#### Directions for this task
Restating the data exactly is the whole task.

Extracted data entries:
========================

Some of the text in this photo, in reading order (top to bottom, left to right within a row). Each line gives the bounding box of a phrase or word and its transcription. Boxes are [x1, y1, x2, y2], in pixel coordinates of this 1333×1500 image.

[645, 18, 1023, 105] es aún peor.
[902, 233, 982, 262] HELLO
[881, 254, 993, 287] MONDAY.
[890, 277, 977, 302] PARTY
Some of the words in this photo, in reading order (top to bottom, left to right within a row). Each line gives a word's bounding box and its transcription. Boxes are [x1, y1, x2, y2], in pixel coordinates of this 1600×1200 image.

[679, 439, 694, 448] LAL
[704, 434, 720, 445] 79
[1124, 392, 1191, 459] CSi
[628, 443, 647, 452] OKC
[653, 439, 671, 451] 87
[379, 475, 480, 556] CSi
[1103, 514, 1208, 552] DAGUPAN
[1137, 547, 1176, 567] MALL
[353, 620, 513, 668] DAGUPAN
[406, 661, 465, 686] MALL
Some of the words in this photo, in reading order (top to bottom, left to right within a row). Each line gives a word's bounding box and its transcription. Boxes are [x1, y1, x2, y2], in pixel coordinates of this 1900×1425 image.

========================

#### Response below
Some of the text in this photo, in reading order (top to bottom, left to right within a row). Each line gives the bounding box of a phrase or word and its transcription. Boxes are [x1, y1, x2, y2], in pixel coordinates of this 1333×1500 image.

[645, 18, 1023, 105] es aún peor.
[902, 233, 982, 262] HELLO
[881, 254, 993, 287] MONDAY.
[890, 277, 977, 302] PARTY
Some of the words in this photo, in reading order (top to bottom, left to right within a row). Each line gives a word's bounding box and its transcription. Boxes are [x1, y1, x2, y2], in pixel coordinates of this 1600×1200 image.

[679, 439, 694, 448] LAL
[704, 434, 720, 445] 79
[1124, 392, 1191, 459] CSi
[628, 443, 647, 452] OKC
[653, 439, 671, 451] 87
[379, 475, 480, 556] CSi
[1103, 514, 1208, 552] DAGUPAN
[1137, 547, 1176, 567] MALL
[353, 620, 513, 668] DAGUPAN
[406, 661, 465, 686] MALL
Some of the words in this photo, in reading order (top to bottom, left to right within a row). Each line gives a word's bounding box and its transcription. Boxes are [x1, y1, x2, y2], in pixel coordinates of this 1900×1425 image.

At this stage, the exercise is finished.